— EXERCISE DETAILS —
Please set down, word for word, each line from the one containing "this 1718×1288 image." through the final line of the records below, both included, and nothing else.

+++ RECORDS FOR THE EXERCISE +++

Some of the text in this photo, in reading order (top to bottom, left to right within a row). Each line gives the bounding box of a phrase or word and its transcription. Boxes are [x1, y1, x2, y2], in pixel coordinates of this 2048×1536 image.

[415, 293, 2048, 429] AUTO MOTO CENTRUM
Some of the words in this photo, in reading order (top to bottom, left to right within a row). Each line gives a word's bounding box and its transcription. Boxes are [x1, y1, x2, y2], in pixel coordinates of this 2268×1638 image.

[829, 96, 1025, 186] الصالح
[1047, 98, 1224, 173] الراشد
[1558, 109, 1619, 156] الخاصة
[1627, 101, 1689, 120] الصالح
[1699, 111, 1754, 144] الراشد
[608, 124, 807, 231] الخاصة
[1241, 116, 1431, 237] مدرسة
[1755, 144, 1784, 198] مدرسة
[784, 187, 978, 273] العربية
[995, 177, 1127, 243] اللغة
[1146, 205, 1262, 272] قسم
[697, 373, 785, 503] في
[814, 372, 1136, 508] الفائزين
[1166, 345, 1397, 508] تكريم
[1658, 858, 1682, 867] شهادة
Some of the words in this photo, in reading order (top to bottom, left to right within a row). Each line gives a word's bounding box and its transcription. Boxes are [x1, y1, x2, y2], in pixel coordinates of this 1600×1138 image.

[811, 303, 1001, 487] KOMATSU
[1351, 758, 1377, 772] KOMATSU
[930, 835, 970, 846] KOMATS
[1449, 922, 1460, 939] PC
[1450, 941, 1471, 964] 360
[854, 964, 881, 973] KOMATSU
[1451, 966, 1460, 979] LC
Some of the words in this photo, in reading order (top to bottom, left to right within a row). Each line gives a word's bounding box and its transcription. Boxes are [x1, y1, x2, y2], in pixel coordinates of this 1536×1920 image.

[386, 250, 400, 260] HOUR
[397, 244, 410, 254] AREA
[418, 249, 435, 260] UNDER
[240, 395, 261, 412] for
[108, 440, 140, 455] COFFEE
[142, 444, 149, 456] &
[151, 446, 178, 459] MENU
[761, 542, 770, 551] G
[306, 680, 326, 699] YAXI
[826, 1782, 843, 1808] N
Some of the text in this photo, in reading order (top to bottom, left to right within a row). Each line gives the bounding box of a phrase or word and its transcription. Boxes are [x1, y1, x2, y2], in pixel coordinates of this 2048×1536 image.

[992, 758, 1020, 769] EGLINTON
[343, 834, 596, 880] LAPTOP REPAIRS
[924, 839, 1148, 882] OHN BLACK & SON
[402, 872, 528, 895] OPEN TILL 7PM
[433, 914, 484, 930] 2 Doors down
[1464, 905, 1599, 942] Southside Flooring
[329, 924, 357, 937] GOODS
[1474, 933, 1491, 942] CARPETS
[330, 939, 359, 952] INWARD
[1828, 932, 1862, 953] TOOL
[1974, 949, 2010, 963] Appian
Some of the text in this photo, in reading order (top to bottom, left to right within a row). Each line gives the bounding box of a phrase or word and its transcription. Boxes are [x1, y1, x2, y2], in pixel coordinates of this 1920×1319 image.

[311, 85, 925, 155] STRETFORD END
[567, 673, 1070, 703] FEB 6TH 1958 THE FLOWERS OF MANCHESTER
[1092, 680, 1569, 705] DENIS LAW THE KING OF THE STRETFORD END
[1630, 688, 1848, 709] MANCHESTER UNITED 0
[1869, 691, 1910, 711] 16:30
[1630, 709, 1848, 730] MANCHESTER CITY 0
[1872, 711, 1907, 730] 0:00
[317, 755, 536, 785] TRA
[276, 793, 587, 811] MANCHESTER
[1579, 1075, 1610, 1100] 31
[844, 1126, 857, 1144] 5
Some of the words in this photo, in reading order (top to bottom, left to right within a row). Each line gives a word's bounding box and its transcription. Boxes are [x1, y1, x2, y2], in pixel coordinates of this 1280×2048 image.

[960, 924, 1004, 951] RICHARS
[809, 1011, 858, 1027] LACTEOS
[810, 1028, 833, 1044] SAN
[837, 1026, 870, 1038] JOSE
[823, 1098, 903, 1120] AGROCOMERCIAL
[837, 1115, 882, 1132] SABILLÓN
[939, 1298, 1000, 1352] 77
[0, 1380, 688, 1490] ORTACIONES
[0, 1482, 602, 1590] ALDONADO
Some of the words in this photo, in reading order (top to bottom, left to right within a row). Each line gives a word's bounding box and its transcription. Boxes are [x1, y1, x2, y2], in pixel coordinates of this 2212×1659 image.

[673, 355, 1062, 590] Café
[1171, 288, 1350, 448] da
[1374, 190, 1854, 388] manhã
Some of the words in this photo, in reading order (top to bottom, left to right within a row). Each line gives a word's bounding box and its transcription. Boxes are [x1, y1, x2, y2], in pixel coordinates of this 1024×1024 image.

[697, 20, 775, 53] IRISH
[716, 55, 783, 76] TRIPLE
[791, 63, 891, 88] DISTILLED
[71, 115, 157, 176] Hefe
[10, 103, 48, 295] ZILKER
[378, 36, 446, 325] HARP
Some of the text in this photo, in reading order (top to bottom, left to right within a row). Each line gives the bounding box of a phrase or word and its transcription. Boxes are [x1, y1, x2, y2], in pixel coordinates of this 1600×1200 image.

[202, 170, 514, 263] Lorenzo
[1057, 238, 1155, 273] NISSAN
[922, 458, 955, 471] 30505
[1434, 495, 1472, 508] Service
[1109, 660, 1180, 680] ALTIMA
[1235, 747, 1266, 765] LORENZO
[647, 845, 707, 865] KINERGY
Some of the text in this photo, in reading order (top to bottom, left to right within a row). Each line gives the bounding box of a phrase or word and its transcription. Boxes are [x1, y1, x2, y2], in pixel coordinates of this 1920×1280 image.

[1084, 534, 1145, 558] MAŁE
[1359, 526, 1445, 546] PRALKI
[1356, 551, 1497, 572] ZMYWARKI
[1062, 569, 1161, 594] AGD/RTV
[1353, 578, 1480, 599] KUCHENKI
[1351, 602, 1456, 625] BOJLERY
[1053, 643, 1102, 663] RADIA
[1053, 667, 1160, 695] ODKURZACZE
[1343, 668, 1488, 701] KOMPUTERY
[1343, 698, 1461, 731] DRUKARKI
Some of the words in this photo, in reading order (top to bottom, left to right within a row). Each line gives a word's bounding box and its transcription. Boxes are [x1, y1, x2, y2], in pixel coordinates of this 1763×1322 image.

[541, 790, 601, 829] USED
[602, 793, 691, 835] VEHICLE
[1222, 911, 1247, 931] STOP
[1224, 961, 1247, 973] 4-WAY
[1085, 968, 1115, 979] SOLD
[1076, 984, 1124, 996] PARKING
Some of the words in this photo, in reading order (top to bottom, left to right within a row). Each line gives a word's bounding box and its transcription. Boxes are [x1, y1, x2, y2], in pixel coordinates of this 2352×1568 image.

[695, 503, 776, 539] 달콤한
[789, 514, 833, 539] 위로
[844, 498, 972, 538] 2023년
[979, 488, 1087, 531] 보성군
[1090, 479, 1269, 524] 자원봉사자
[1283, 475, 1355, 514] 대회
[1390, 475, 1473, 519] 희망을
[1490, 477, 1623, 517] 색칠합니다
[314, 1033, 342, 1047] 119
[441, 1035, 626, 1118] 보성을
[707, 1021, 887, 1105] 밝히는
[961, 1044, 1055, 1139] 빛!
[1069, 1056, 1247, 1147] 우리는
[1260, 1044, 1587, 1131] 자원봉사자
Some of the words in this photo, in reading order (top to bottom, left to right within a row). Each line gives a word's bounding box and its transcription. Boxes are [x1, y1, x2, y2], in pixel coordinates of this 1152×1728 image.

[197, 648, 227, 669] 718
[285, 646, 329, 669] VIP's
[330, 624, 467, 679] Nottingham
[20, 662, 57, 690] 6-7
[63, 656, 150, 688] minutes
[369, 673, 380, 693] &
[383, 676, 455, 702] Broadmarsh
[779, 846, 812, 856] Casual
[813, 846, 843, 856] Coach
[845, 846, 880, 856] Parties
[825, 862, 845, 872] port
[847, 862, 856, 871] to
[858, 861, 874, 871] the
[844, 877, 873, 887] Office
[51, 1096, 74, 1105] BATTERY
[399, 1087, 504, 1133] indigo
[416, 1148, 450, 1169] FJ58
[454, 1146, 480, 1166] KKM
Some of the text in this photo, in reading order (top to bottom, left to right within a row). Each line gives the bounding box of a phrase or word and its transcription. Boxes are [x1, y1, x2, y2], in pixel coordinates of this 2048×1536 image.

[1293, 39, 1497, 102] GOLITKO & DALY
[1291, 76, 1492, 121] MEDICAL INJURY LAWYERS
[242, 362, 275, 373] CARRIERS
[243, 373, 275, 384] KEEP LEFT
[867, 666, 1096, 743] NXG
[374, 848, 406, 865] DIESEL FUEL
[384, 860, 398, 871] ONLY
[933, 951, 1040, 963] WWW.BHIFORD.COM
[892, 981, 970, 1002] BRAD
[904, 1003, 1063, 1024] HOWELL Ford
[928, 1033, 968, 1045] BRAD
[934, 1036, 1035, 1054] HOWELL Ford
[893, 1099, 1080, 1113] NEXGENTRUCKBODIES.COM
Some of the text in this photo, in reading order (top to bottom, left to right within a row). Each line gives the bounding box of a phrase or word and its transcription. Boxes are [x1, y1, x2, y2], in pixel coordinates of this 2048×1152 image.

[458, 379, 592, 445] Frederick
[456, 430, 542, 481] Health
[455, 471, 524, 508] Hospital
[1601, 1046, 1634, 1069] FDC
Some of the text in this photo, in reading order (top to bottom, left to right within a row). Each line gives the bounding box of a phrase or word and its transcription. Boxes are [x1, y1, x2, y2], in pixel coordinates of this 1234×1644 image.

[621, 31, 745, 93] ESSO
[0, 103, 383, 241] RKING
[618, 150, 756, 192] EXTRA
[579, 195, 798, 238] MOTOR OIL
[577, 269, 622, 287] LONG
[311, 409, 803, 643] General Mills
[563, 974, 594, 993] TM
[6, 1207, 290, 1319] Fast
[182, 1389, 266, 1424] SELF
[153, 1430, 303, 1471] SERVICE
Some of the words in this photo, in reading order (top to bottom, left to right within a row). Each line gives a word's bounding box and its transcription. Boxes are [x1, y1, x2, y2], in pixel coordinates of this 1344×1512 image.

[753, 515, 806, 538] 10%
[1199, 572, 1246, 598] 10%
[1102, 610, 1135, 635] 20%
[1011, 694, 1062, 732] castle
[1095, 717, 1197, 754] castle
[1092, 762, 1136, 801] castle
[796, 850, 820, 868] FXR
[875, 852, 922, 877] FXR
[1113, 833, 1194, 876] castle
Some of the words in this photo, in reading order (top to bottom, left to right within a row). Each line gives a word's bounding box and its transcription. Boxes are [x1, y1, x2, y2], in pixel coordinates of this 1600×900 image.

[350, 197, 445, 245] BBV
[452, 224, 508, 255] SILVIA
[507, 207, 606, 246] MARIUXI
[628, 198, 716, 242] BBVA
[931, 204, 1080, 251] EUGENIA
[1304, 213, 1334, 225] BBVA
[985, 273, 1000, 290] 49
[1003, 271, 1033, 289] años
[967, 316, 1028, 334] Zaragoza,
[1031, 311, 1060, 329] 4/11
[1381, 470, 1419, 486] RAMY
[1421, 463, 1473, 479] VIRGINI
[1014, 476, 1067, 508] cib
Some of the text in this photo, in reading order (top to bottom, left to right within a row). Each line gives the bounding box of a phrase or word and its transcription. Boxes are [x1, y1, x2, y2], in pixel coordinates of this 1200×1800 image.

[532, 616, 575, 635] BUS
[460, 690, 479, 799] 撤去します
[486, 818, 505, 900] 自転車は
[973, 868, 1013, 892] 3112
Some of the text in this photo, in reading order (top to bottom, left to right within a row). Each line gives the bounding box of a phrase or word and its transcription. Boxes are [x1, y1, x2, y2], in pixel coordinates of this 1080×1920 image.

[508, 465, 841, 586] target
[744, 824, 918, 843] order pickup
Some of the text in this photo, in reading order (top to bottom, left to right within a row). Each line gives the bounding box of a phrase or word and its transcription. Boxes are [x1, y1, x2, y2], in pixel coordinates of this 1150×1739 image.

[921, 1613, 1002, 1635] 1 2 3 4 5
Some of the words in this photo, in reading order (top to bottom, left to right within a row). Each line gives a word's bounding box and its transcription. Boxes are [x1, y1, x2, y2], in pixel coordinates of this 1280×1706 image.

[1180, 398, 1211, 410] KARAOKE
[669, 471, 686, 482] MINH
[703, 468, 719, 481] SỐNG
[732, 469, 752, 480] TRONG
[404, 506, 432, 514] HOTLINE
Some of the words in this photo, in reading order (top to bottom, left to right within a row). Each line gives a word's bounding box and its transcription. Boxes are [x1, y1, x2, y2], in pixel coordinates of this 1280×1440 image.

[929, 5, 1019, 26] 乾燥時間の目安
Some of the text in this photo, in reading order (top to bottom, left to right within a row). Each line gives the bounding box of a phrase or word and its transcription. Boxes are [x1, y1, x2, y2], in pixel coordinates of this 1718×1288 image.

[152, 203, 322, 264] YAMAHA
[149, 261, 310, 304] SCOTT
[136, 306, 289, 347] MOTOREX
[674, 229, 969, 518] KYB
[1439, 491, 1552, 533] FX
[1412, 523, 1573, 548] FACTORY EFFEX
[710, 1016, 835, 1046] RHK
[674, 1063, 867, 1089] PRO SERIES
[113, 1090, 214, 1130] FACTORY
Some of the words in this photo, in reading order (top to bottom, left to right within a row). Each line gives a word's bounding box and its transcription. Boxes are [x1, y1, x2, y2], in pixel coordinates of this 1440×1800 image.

+++

— OUTPUT OF THE TASK —
Some of the text in this photo, in reading order (top to bottom, left to right within a row). Each line gives the bounding box of a phrase or word and its transcription. Boxes are [x1, y1, x2, y2], in pixel coordinates of this 1718×1288 image.

[152, 203, 322, 264] YAMAHA
[149, 261, 310, 304] SCOTT
[136, 306, 289, 347] MOTOREX
[674, 229, 969, 518] KYB
[1439, 491, 1552, 533] FX
[1412, 523, 1573, 548] FACTORY EFFEX
[710, 1016, 835, 1046] RHK
[674, 1063, 867, 1089] PRO SERIES
[113, 1090, 214, 1130] FACTORY
Some of the words in this photo, in reading order (top to bottom, left to right within a row). Each line gives a word's bounding box and its transcription. Boxes are [x1, y1, x2, y2], in pixel coordinates of this 1440×1800 image.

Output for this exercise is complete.